Carmen: Das kann ich nicht nachvollziehen. Wenn der Vater von Frau Grüten selber sagt, dass er die Entscheidung seiner Tochter zum Gentest richtig findet, fühlt der sich doch nicht ausgegrenzt. Wieso muss dann die Kirche einspringen und sagen, das soll nicht sein, um Behinderte nicht auszugrenzen, wenn die also selber das Argument gar nicht teilen???
guest4652: Ich gebe Carmen recht. Das sollte die Entscheidung der Betroffenen, der Familien, der Mütter sein. Nicht die der Kirche.
Bischof Hein: Solche Konfliktfälle im Bereich der PND lassen sich gesetzlich her wohl kaum regeln. Hier geht es um die Verantwortung, die ich zu übernehmen bereit bin.

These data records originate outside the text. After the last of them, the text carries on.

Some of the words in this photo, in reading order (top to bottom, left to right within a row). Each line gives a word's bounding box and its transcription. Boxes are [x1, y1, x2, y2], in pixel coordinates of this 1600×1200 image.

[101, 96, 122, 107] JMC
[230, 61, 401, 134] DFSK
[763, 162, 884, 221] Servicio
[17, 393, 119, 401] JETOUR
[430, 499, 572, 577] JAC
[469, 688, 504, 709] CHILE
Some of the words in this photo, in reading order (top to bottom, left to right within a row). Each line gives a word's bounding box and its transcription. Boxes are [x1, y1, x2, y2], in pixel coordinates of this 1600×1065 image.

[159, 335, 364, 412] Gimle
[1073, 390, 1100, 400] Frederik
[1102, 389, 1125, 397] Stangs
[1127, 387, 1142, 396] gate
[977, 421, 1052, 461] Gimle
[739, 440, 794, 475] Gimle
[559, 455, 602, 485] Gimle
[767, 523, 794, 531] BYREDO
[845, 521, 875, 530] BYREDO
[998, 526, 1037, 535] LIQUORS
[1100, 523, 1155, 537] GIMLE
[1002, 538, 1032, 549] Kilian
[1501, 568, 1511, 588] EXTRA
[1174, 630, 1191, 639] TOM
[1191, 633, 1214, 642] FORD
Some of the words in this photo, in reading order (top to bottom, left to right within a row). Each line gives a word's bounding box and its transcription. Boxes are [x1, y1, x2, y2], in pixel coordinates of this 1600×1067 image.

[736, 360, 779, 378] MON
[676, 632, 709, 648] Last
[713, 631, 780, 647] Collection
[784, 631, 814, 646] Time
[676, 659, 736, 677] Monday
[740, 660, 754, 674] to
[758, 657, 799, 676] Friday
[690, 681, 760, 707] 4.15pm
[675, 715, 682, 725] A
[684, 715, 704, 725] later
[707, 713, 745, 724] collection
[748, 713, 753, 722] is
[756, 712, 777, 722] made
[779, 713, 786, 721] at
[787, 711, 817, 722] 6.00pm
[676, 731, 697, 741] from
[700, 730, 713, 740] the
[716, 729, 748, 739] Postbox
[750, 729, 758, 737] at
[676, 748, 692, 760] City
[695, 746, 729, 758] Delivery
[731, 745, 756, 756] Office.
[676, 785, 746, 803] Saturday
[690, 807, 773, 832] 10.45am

Carmen: Wozu hat uns Gott denn unseren Verstand gegeben, den medizinischen Fortschritt voranzureiben, wenn wir ihn dann nicht benutzen? Das erinnert mich doch ein bisschen an den alten Konflikt zwischen Naturwissenschaft und Kirche. Und sie dreht sich doch...
Bischof Hein: Ich weiß durchaus von den Konflikten. Aber es ist keine moralische Konsequenz, immer alles zu tun was man kann: Siehe Atomdebatte, militärische Aufrüstung usw.
guest4652: Ich bin auf jeden Fall sehr gespannt, wie der Bundestag entscheidet. Ich glaube, dass Frau Bulmahns Antrag die Mehrheit finden wird.
guest6814: Es geht nicht um die Kirche, es geht darum, wann darf man über ein Leben entscheiden?
alexschnapper: Oder eher "WER" entscheidet über ein Leben...
Bischof Hein: Die Frage ist, ob jede Behinderung "Leid " ist.
guest4652: Im Fall von Frau Grüten bzw. ihrem Vater schon.
guest4652: Auch in vielen anderen Fällen.
Bischof Hein: Wer entscheidet über Leben? Am liebsten würde ich gar nicht entscheiden müssen.
Carmen: Vielleicht geht es schlicht um eine Machtfrage, ob Menschen ihr Schicksal selbst in die Hand nehmen, auch mithilfe der modernen Medizin, oder ob die Kirche diese Entscheidungen diktiert.
Bischof Hein: Jetzt mal klar, Carmen: Ich will hier nichts diktieren. Ich will Anstöße zum Nachdenken, zu einer reflektierten Entscheidung geben.